*** Opening Given entries ***

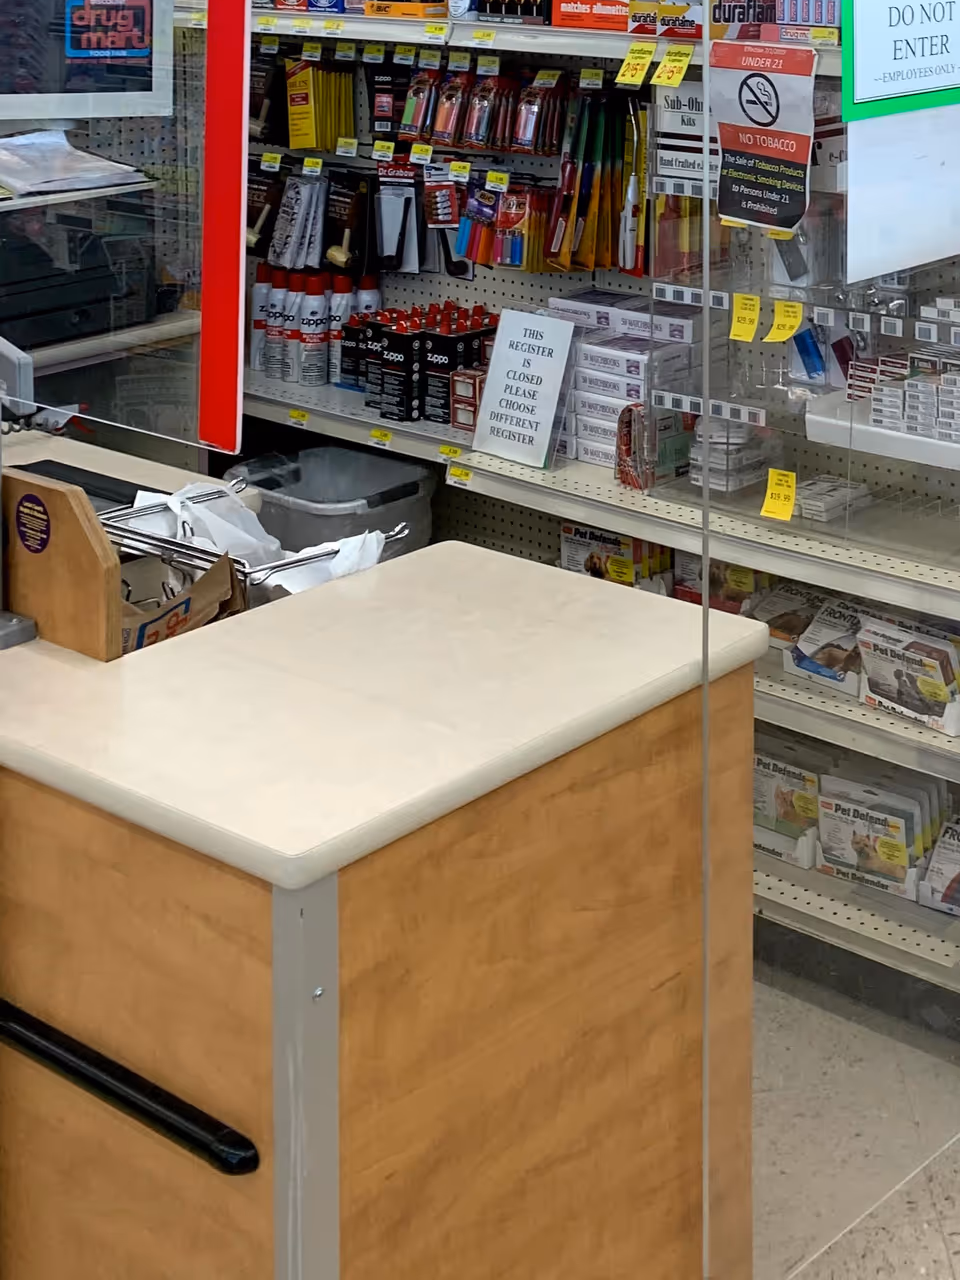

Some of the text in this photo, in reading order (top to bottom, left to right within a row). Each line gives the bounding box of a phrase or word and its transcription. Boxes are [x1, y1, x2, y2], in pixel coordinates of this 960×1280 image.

[376, 5, 391, 13] BIC
[561, 2, 590, 13] matches
[888, 0, 956, 27] DO NOT
[660, 17, 696, 28] duraflame
[81, 28, 149, 49] mart
[892, 34, 951, 61] ENTER
[741, 56, 783, 69] UNDER 21
[934, 63, 956, 76] ONLY
[681, 115, 695, 126] Kits
[739, 133, 796, 152] NO TOBACCO
[660, 156, 673, 166] Hand
[724, 154, 804, 177] The Sale of Tobacco Products
[388, 169, 414, 178] Grabow
[728, 169, 804, 192] Electronic Smoking Devices
[740, 185, 762, 198] Persons
[763, 190, 781, 201] Under
[781, 194, 789, 203] 21
[747, 202, 778, 215] Prohibited
[523, 328, 544, 340] THIS
[508, 341, 554, 358] REGISTER
[522, 359, 531, 368] IS
[506, 370, 543, 386] CLOSED
[504, 384, 539, 400] PLEASE
[499, 398, 537, 416] CHOOSE
[489, 411, 540, 432] DIFFERENT
[489, 426, 535, 446] REGISTER
[574, 527, 588, 539] Pet
[873, 644, 889, 657] Pet
[757, 758, 770, 771] Pet
[835, 804, 850, 817] Pet
[836, 868, 888, 890] Pet Defender

*** Closing Given entries ***

> **About this task**
What you return must match the records above exactly, minus any images.

> **Answer for the task**
Some of the text in this photo, in reading order (top to bottom, left to right within a row). Each line gives the bounding box of a phrase or word and its transcription. Boxes are [x1, y1, x2, y2], in pixel coordinates of this 960×1280 image.

[376, 5, 391, 13] BIC
[561, 2, 590, 13] matches
[888, 0, 956, 27] DO NOT
[660, 17, 696, 28] duraflame
[81, 28, 149, 49] mart
[892, 34, 951, 61] ENTER
[741, 56, 783, 69] UNDER 21
[934, 63, 956, 76] ONLY
[681, 115, 695, 126] Kits
[739, 133, 796, 152] NO TOBACCO
[660, 156, 673, 166] Hand
[724, 154, 804, 177] The Sale of Tobacco Products
[388, 169, 414, 178] Grabow
[728, 169, 804, 192] Electronic Smoking Devices
[740, 185, 762, 198] Persons
[763, 190, 781, 201] Under
[781, 194, 789, 203] 21
[747, 202, 778, 215] Prohibited
[523, 328, 544, 340] THIS
[508, 341, 554, 358] REGISTER
[522, 359, 531, 368] IS
[506, 370, 543, 386] CLOSED
[504, 384, 539, 400] PLEASE
[499, 398, 537, 416] CHOOSE
[489, 411, 540, 432] DIFFERENT
[489, 426, 535, 446] REGISTER
[574, 527, 588, 539] Pet
[873, 644, 889, 657] Pet
[757, 758, 770, 771] Pet
[835, 804, 850, 817] Pet
[836, 868, 888, 890] Pet Defender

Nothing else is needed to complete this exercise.